He was perhaps the most inveterate and troublesome enemy which any of the American colonies have ever met with among his race. The general causes which made him so, independently of his inherent talents and principles, are to be looked for in the situation of the tribes under his command, and especially in the relations existing between them and the colonists. He saw that either the white or red man must sooner or later establish an exclusive superiority; and he very reasonably decided upon doing all in his power to determine the issue in favor of his country and himself. But more particular provocations were not wanting. Even after the peace of 1636, great as the anxiety was for its preservation, "the subtle Indians," says Beverley, "resented the encroachments on them by Hervey's grants." A late historian expresses himself in warmer terms. It was not enough, he writes, that they had abandoned to their invaders the delightful regions on the sea-shore where their fathers had been placed by the bounty of Heaven-where their days had rolled on in an enchanting round of innocence and gaiety-where they had possessed abundance without labor, and independence without government. The little that remained to them was attempted to be wrested from them by the insatiable avarice and rapacity of their enemies.

CHAPTER IX.

[The following brief biographical sketch of Captain John Smith is quoted in Burk's Virginia, as from "a late American biographer," probably Belknap.]

He was born at Willoughby, in Lincolnshire, England, in the year one thousand five hundred and seventy-nine. From the first dawn of reason he discovered a roving and romantic genius, and delighted in extravagant and daring actions among his school-fellows. When about thirteen years of age, he sold his books and satchel, and his puerile trinkets, to raise money, with a view to convey himself privately to sca; but the death of his father put a stop for the present to this attempt, and threw him into the hands of guardians, who endeavored to check the ardor of his genius, by confining him to a compting-house. Being put apprentice to a merchant at Lynn, at the age of fifteen, he at first conceived hopes that his master would send him to sea in his service; but this hope failing, he quitted his master,

and with only ten shillings in his pocket, entered into the train of a young nobleman who was travelling to France.

At Orleans he was discharged from his attendance on Lord Bertie, and had money given him to return to England.

With this money he visited Paris, and proceeded to the Low Countries, where he enlisted as a soldier and learned the rudiments of war,a science peculiarly agreeable to his ardent and active genius. Meeting with a Scots gentleman abroad, he was persuaded to pass into Scotland, with the promise of being strongly recommended to King James. But being baffled in this expectation, he returned to his native town, and finding no company there which suited his taste, he built a booth in the wood, and betook himself to the study of military history and tactics, diverting himself at intervals with his horse and lance; in which exercises he at length found a companion, an Italian gentleman, rider to the Earl of Lincoln, who drew him from his sylvan retreat to Tattersal.

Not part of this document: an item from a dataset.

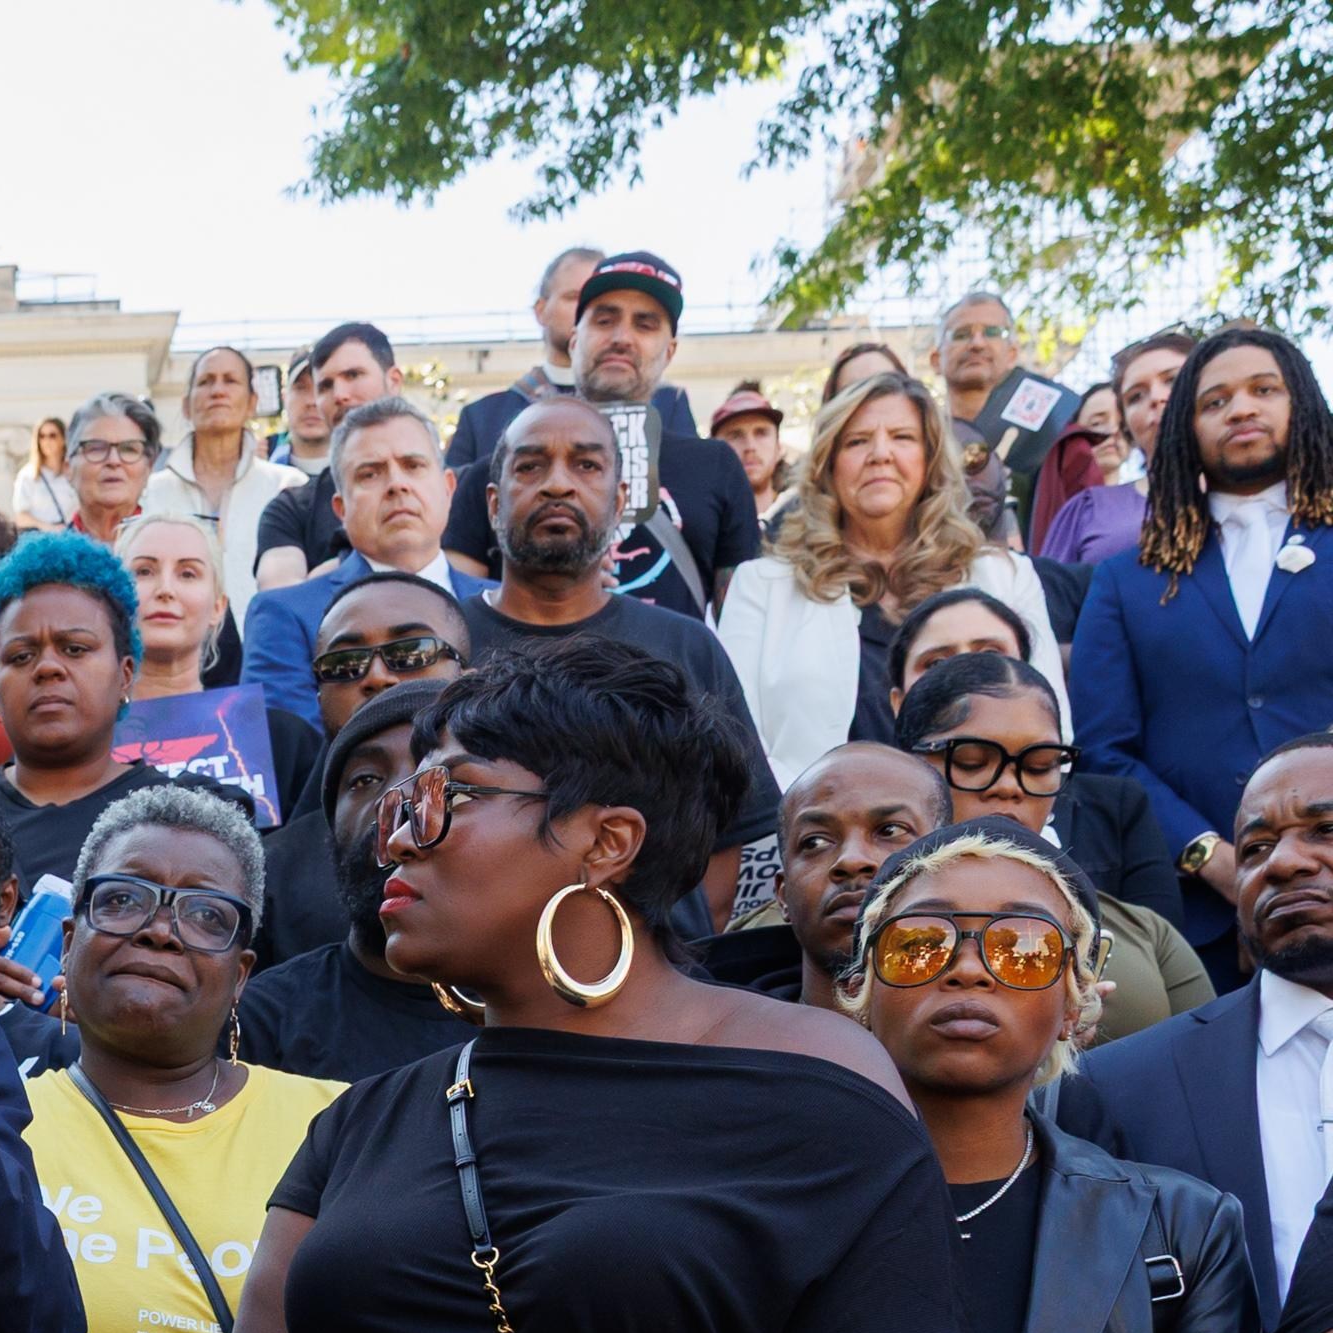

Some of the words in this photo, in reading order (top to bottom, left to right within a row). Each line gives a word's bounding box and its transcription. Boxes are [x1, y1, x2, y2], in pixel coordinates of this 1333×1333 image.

[611, 413, 647, 447] CK
[136, 1227, 260, 1284] Peo
[138, 1309, 198, 1331] POWER

Having recovered a part of the estate which his father had left him, he put himself into a better condition than before, and set off again on his travels in the winter of the year one thousand five hundred and ninety-six, being then only seventeen years of age. His first stage was Flanders, where, meeting with a Frenchman who pretended to be heir to a noble family, he, with his three attendants, prevailed upon Smith to go with them to France. In a dark night they arrived at St. Valory,' in Picardy, and by the connivance of the shipmaster, the Frenchmen were carried ashore with the trunks of our young traveller, whilst he was left on board till the return of the boat. In the mean time they had conveyed the baggage out of his reach, and were not to be found. A sailor on board, who knew the villains, generously undertook to conduct him to Mortain, where they lived, and supplied his wants till their arrival at the place. Here he found their friends, from whom he could get no recompense, but the report of his sufferings induced several persons of distinction to invite him to their houses.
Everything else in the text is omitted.